Thursday, September 29, 2005

Home-Ownership: Not Just for the Rich and Famous Anymore?

Continuing on the middle class housing squeeze, the Times has an interesting trend piece today about how programs to help middle income people buy homes have proliferated around the country. There are some good anecdotes in the piece, but with no attempt to quantify how many people have benefited or might benefit – not even in a single city where the programs have already been implemented – renders the article less than convincing. Nonetheless, here’s one program I find pretty encouraging:

Investment funds totaling $190 million have been created in the past year in Los Angeles and San Diego Counties for the purpose of building middle-income housing in so-called urban infill areas that have access to public transportation.
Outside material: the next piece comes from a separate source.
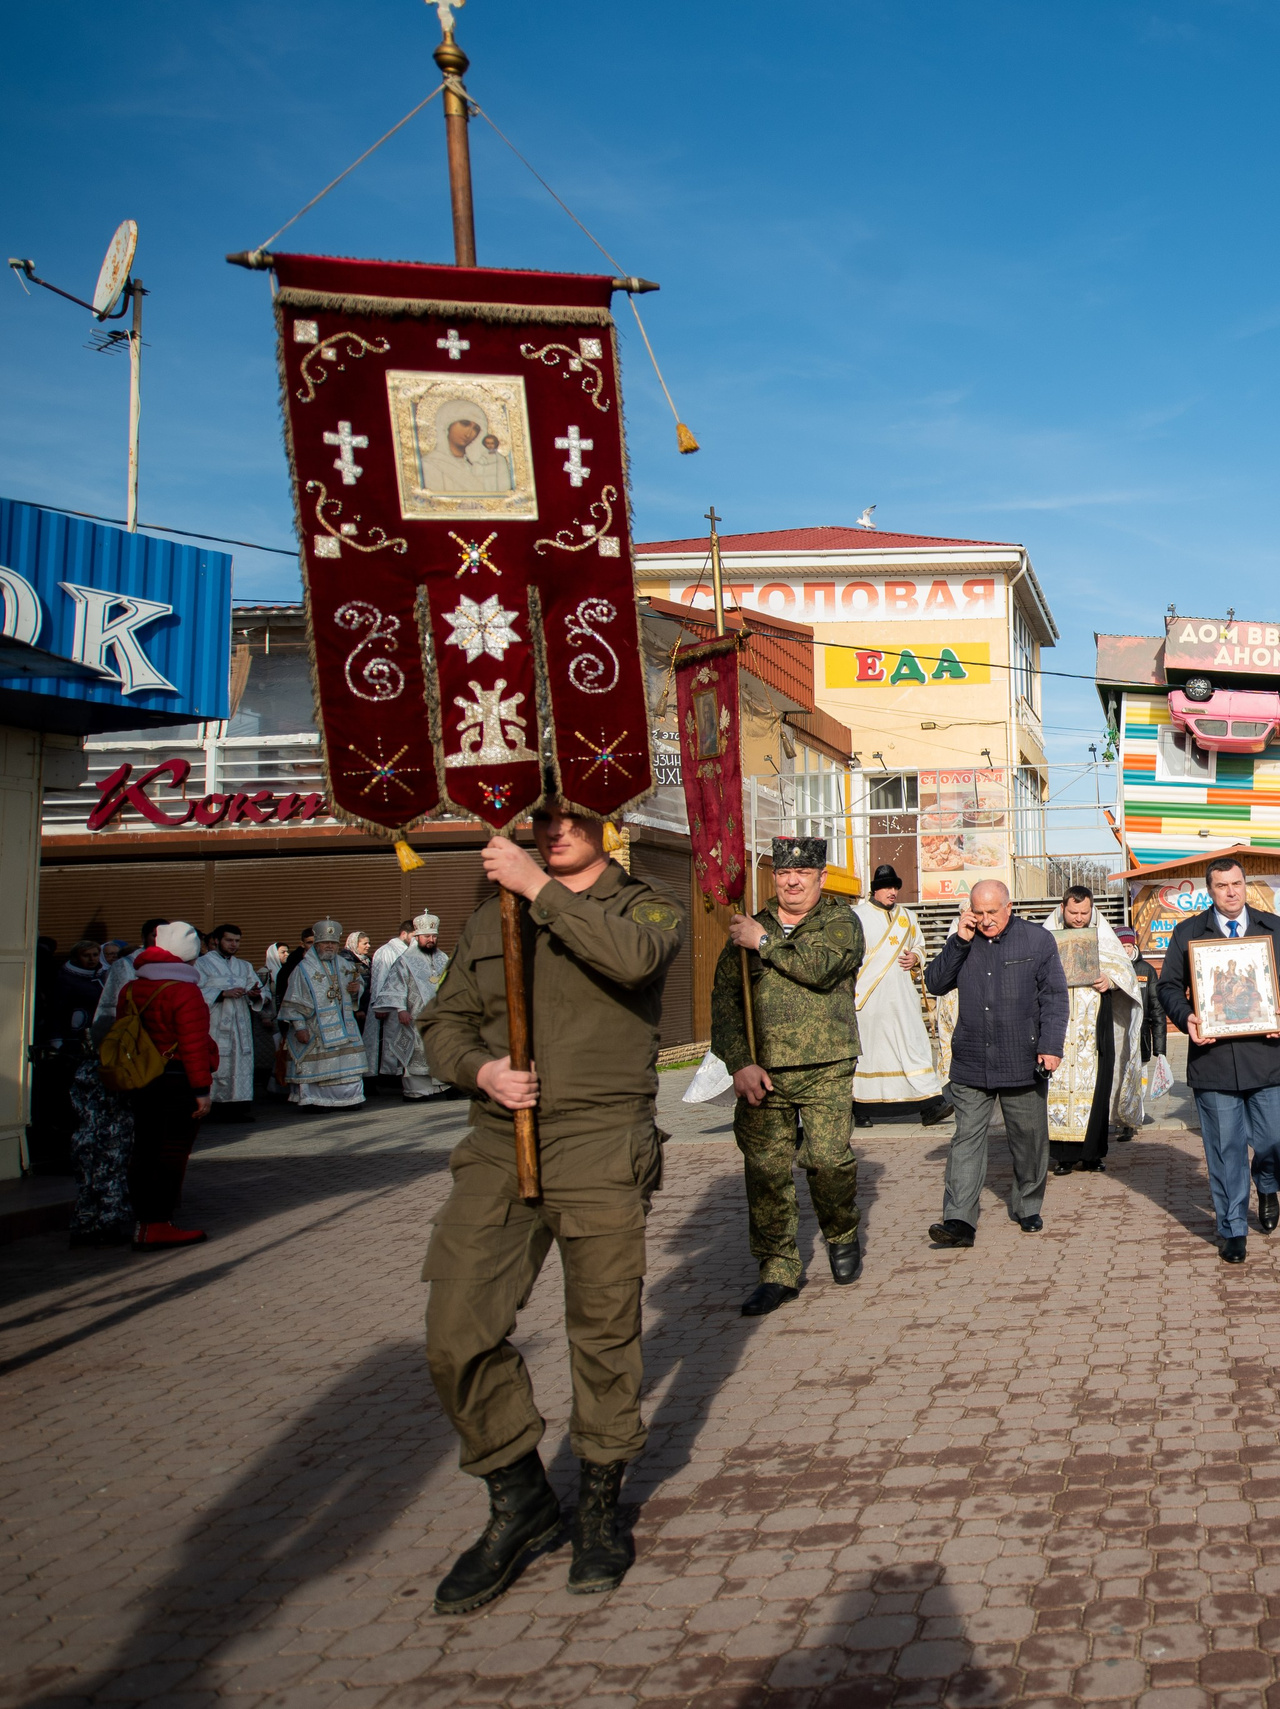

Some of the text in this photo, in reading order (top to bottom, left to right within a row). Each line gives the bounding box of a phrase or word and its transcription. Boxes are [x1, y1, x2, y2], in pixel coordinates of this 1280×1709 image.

[1179, 623, 1238, 645] ДОМ
[855, 648, 968, 686] ЕДА
[920, 773, 1003, 786] СТОЛОВАЯ
[939, 879, 983, 896] ЕД
The funds' manager, the Phoenix Realty Group, expects to finance more than 3,000 homes in the next five years. As in many work force projects, the builders will be allowed to construct more units than typically permitted under zoning laws. The "density bonuses" enable the developer to make up the lost profit on each unit by selling more of them.

This strikes me as precisely the right way to go about providing home-ownership opportunities for middle income people: investment funds incentivizing developers to build higher-density housing around public transportation. This is killing a bunch of birds with one stone: reinvesting in urban cores, cutting down on the need to drive and consume gas, creating vibrancy and density to support further commercial investment, and hopefully relieving pressure on exurban sprawl.

The article doesn't report out what programs are being implemented in New York except to say that zoning variances have been offered to developers if they include moderate-income housing in their plans for Greenpoint and Williamsburg. That's like throwing a few bricks into the Grand Canyon.